I bought one without a cylinder. My Pietta fit right in. Don't remember the date on either one. I finally found a cylinder that was stated as a Santa Barbara. It fit good. I never saw what all the hype was about. I finally sold and went with a Pietta. Parts are easier to find.
 
I bought one without a cylinder. My Pietta fit right in. Don't remember the date on either one. I finally found a cylinder that was stated as a Santa Barbara. It fit good. I never saw what all the hype was about. I finally sold and went with a Pietta. Parts are easier to find.
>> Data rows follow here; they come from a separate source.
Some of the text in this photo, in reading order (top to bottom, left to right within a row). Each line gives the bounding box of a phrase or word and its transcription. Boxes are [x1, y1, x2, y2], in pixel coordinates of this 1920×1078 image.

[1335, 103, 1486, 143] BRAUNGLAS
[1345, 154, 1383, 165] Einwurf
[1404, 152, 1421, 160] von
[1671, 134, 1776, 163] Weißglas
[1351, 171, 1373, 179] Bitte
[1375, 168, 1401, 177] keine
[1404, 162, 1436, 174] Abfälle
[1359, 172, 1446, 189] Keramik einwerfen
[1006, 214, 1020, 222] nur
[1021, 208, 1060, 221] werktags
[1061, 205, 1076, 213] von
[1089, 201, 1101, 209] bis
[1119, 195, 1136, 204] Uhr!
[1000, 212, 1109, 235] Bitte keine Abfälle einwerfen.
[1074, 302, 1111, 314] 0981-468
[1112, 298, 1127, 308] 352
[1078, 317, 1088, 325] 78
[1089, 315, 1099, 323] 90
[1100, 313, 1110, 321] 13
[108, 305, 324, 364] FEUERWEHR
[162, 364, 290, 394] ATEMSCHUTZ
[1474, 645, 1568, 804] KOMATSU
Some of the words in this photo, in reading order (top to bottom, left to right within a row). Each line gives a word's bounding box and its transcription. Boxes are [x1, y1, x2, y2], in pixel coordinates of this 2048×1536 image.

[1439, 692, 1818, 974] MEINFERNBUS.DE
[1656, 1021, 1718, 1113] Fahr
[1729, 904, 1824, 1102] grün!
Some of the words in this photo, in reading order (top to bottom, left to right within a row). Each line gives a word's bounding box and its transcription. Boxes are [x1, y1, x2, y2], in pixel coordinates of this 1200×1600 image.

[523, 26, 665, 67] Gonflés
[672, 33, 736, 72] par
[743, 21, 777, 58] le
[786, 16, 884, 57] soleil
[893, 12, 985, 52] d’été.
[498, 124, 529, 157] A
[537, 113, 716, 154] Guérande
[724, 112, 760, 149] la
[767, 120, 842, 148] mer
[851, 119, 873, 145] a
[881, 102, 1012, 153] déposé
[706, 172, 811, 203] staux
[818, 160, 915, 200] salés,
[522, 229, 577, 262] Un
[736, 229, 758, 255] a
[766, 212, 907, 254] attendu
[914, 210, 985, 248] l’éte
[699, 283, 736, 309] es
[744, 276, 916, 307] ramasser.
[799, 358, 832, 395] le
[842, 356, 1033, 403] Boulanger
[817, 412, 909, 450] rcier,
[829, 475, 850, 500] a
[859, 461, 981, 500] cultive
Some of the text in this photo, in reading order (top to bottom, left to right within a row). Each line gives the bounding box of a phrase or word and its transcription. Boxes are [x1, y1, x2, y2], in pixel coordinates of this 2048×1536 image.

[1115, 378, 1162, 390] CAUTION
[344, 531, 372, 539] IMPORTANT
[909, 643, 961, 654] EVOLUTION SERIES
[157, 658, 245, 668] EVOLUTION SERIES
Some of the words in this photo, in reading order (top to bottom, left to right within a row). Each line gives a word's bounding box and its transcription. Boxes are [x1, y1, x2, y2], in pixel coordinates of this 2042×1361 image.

Thanks, I have 4 Pietta 1858 cylinders, I'll see if one might fit.
 
I'm out right now but I don't recall any markings on the cylinder that came on the gun. It's old and well used, I wonder if it's an original Santa Barbara cylinder. I'll definitely have to check on the timing and lockup using a Pietta cylinder.
The steel might not be the same specification as the Barbara from what I have read. But I think you can't blow up a cylinder with black powder if you tried.
 
These are THE finest 1858 repros EVER MADE.

They were manufactured on the same lines that produced .30 machine guns and utilized the same ordinance grade super steels they put into HMG barrels. The tooling and gauges were all hand crafted for them and the fit and finish is impeccable.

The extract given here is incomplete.